The FCA, which targets particular forms of fraud committed against the federal government, reaches virtually every aspect of the economy because it extends to those who seek and receive federal funds. Specifically, the statute imposes liability—along with treble damages and substantial civil penalties—for knowingly presenting (or causing to be presented) a "false or fraudulent claim" for payment on the federal government, or for making a false "record or statement material" to a "false or fraudulent claim" for payment. 31 U.S.C. § 3729(a)(1)(A), (B). The FCA does not, however, define "false or fraudulent" for purposes of this provision, so courts have adopted their own theories of falsity. One of those theories is the "implied certification" theory, which most circuits have adopted in one form or another. Under that theory, a defendant can be liable where a claim for payment is made to the government while the defendant is in violation of a statutory, regulatory or contractual provision—even if the defendant has not communicated to the government or anyone else that it is in compliance with such a provision. In this circumstance, the defendant is found to have implied its compliance when it (or someone at its behest) makes a claim for payment.

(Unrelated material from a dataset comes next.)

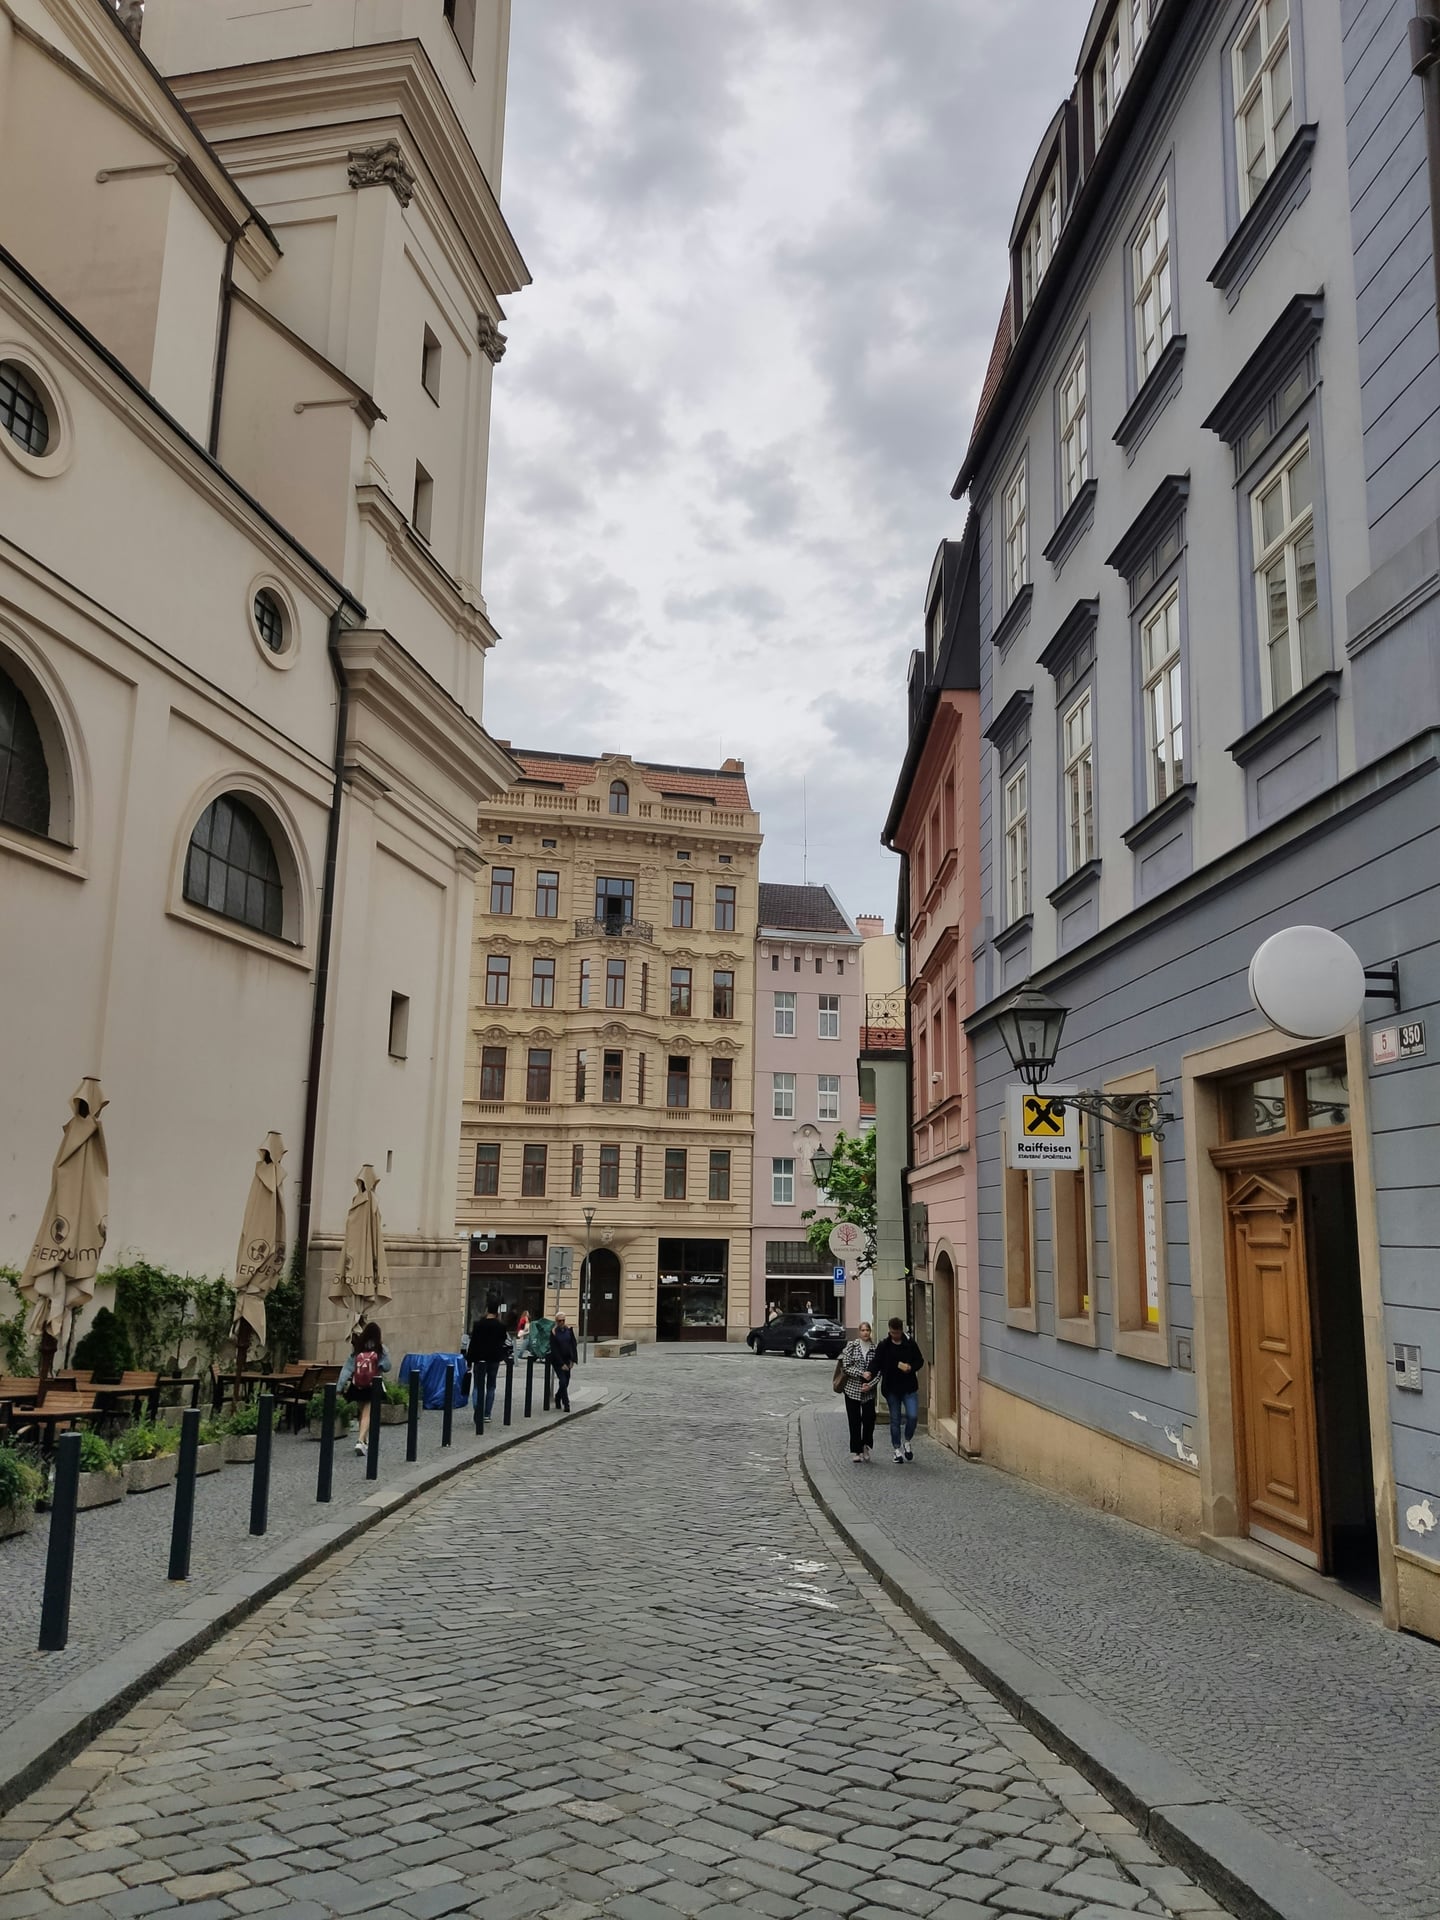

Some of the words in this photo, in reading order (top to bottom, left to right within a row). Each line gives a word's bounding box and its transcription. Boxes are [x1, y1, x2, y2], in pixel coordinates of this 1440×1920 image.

Many circuits have approved this theory even where the law or contract at issue does not expressly state that compliance with it is a condition of getting paid. See United States v. Triple Canopy, Inc., 775 F.3d 628, 636 (4th Cir. 2015), petition for cert. filed, No. 14-1440 (U.S. June 5, 2015); U.S. ex rel. Hutcheson v. Blackstone Med., Inc., 647 F.3d 377, 387 (1st Cir. 2011); United States v. Sci...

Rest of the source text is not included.